### Task requirements
The records below must be reproduced exactly. Strip out the pictures.

*** Opening of Excerpted records ***

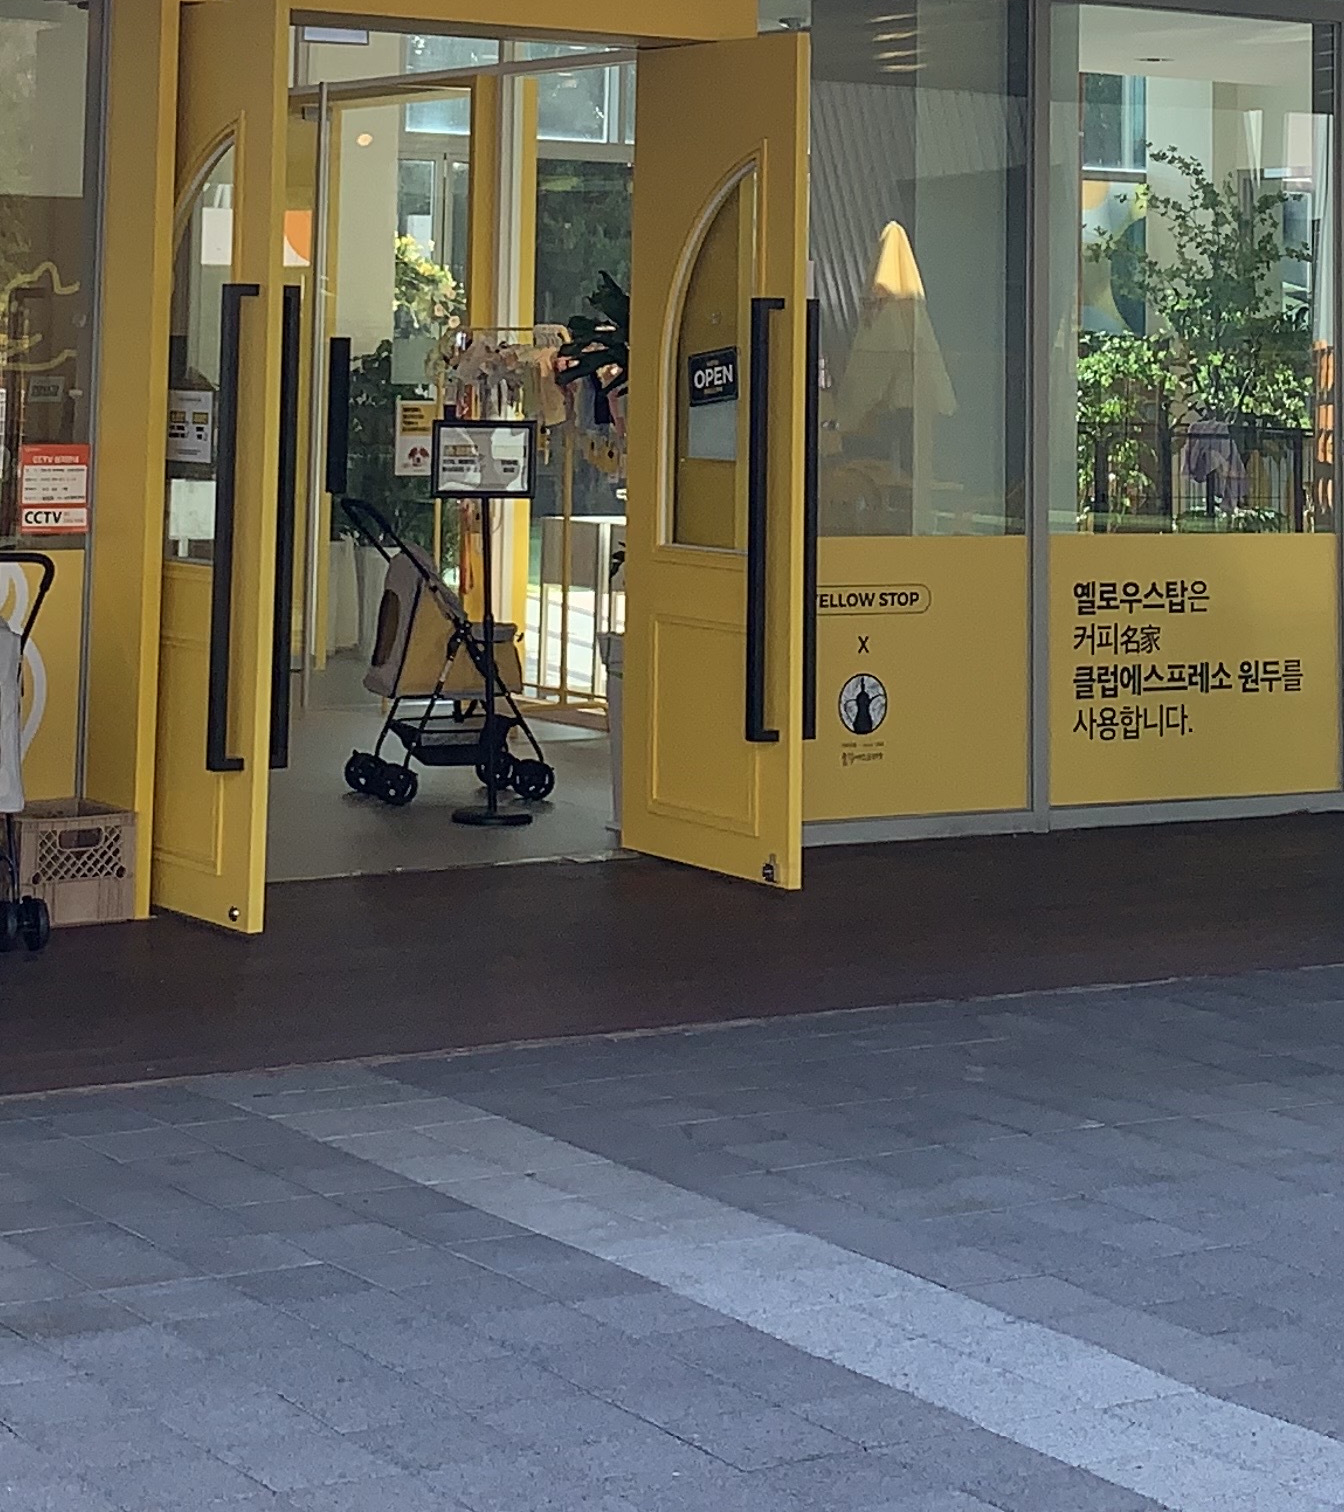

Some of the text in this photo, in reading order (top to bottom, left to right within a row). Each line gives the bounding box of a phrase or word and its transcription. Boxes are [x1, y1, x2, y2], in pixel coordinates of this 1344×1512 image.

[693, 364, 734, 389] OPEN
[24, 510, 63, 525] CCTV
[816, 591, 920, 609] ELLOW STOP
[1072, 579, 1211, 616] 옐로우스탑은
[1072, 622, 1162, 656] 커피名家
[1072, 658, 1304, 700] 클럽에스프레소 원두를
[1072, 703, 1194, 741] 사용합니다.
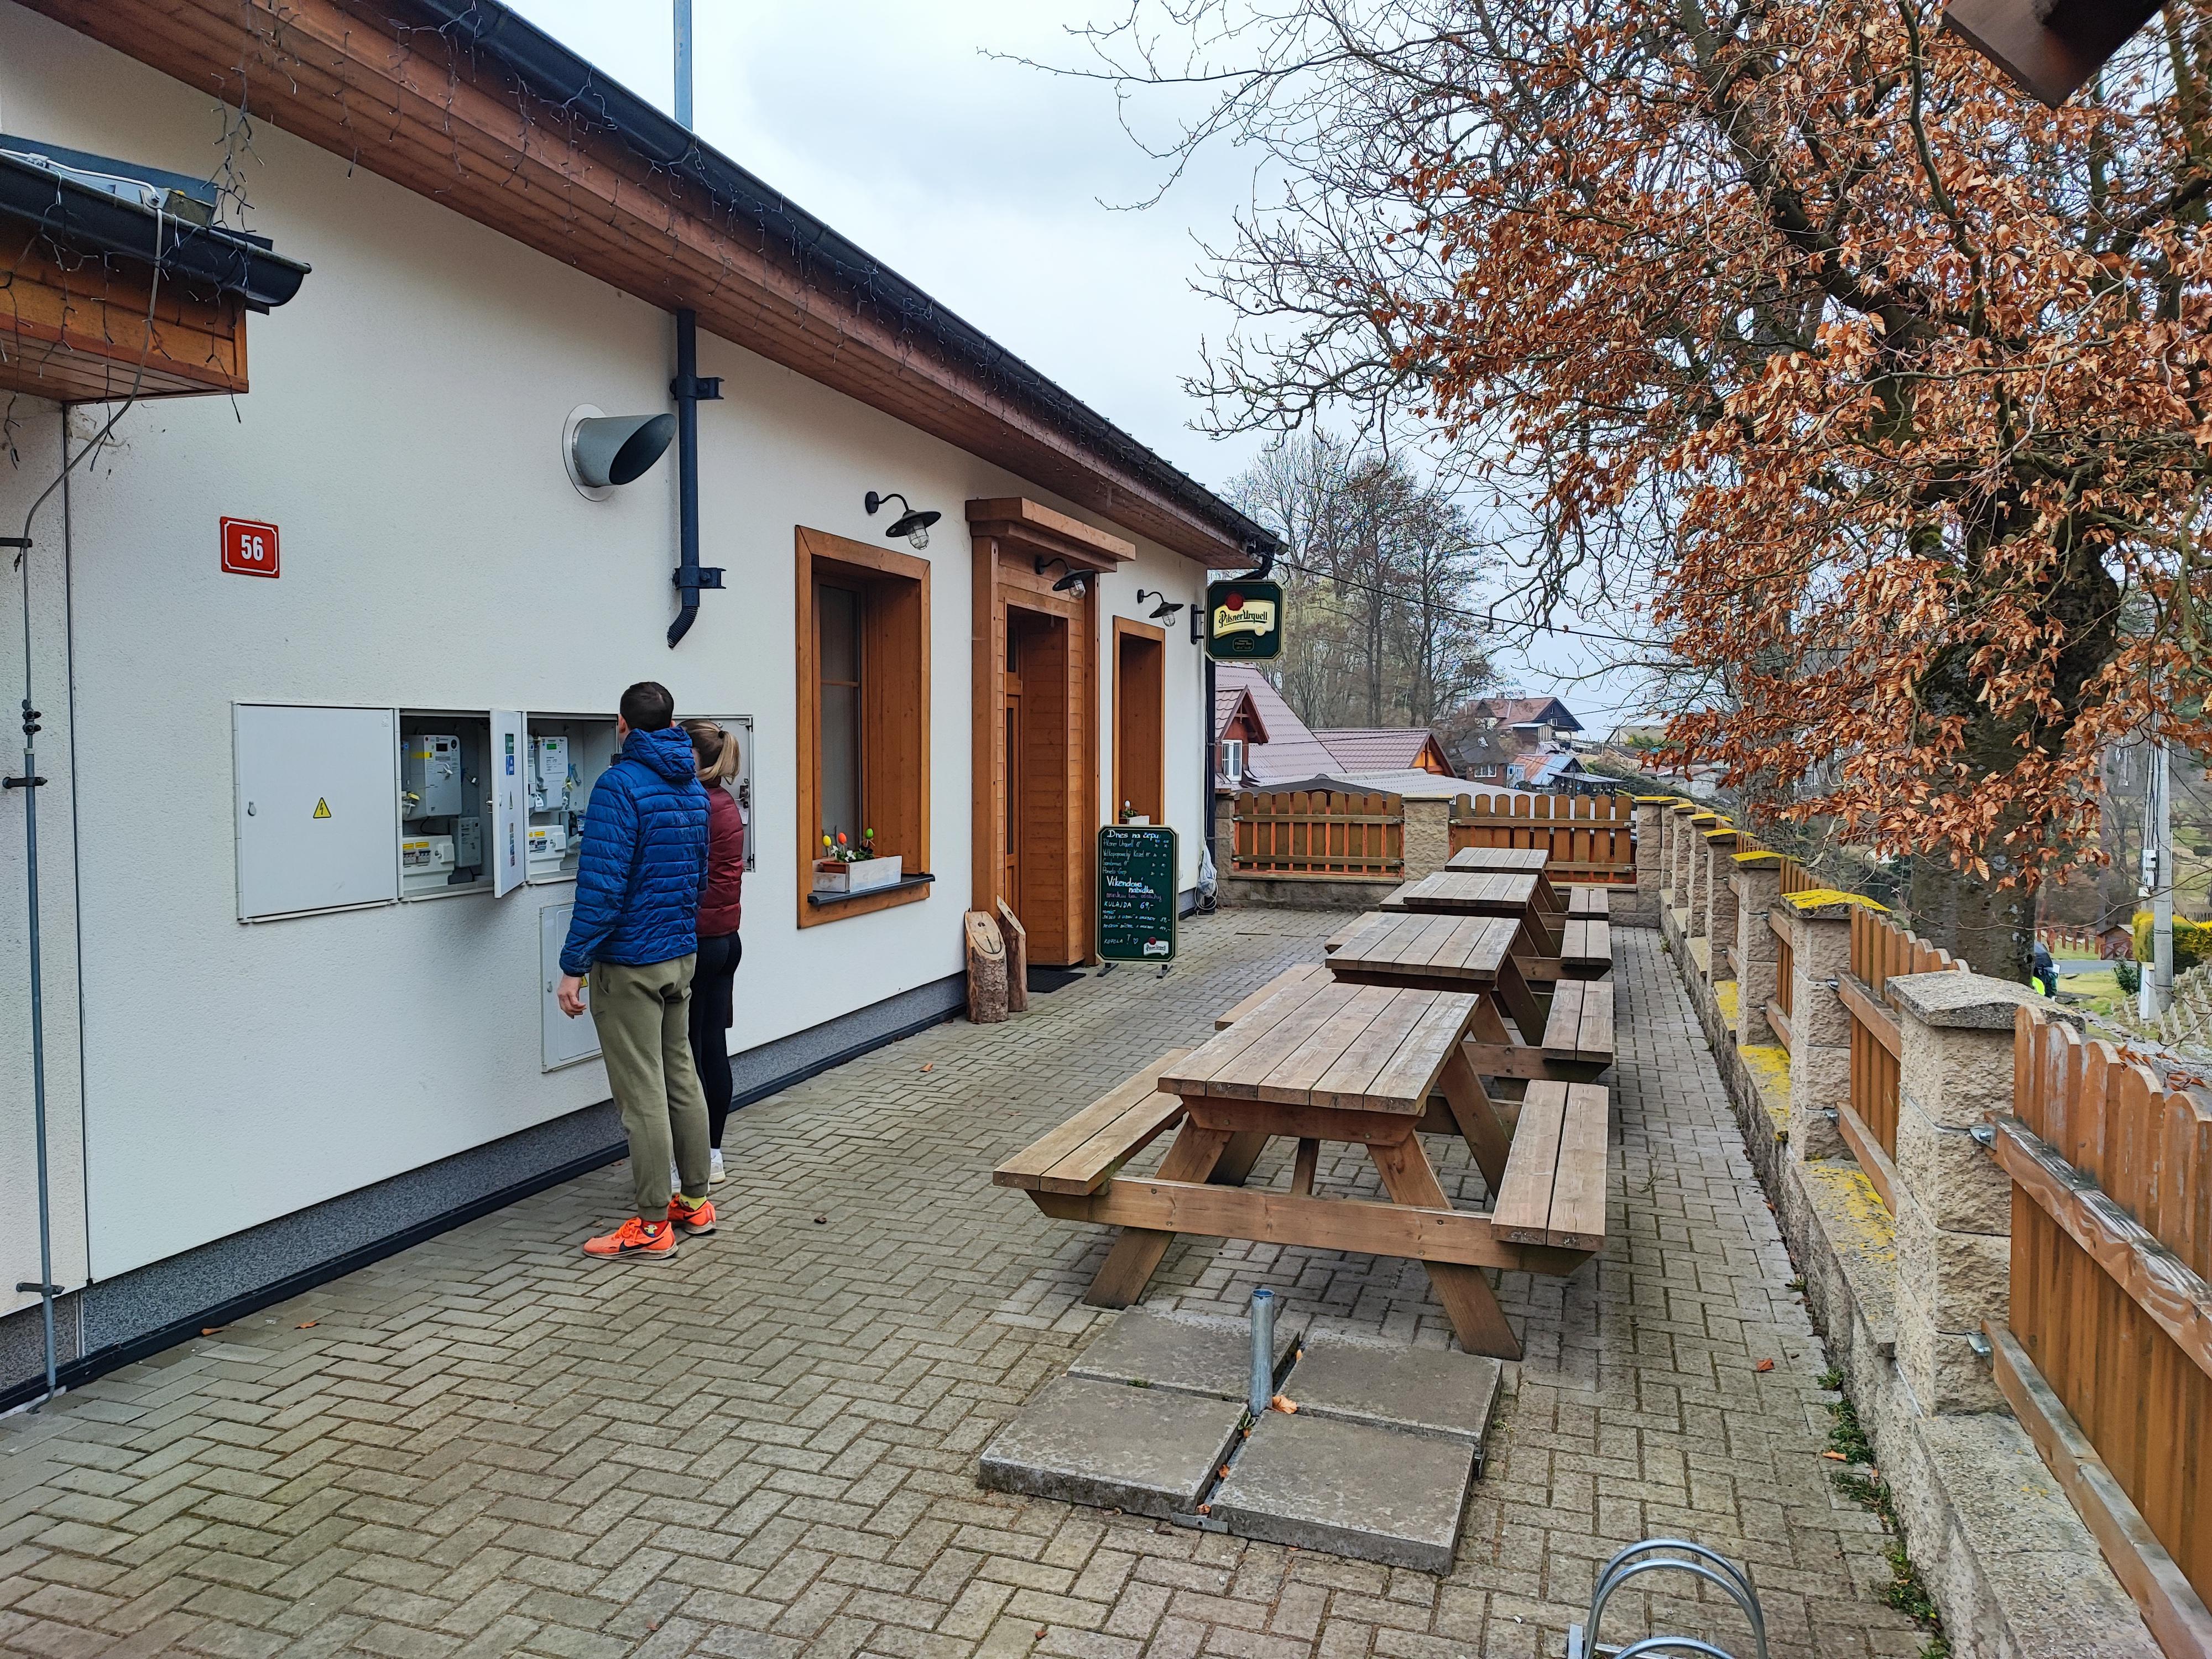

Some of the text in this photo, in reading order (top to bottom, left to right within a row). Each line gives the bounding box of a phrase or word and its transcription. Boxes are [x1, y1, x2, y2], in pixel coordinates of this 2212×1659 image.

*** Close of Excerpted records ***

### Written reply
Some of the text in this photo, in reading order (top to bottom, left to right within a row). Each line gives the bounding box of a phrase or word and its transcription. Boxes are [x1, y1, x2, y2], in pixel coordinates of this 1344×1512 image.

[693, 364, 734, 389] OPEN
[24, 510, 63, 525] CCTV
[816, 591, 920, 609] ELLOW STOP
[1072, 579, 1211, 616] 옐로우스탑은
[1072, 622, 1162, 656] 커피名家
[1072, 658, 1304, 700] 클럽에스프레소 원두를
[1072, 703, 1194, 741] 사용합니다.

Some of the text in this photo, in reading order (top to bottom, left to right within a row). Each line gives the bounding box of a phrase or word and its transcription. Boxes are [x1, y1, x2, y2], in pixel coordinates of this 2212×1659 image.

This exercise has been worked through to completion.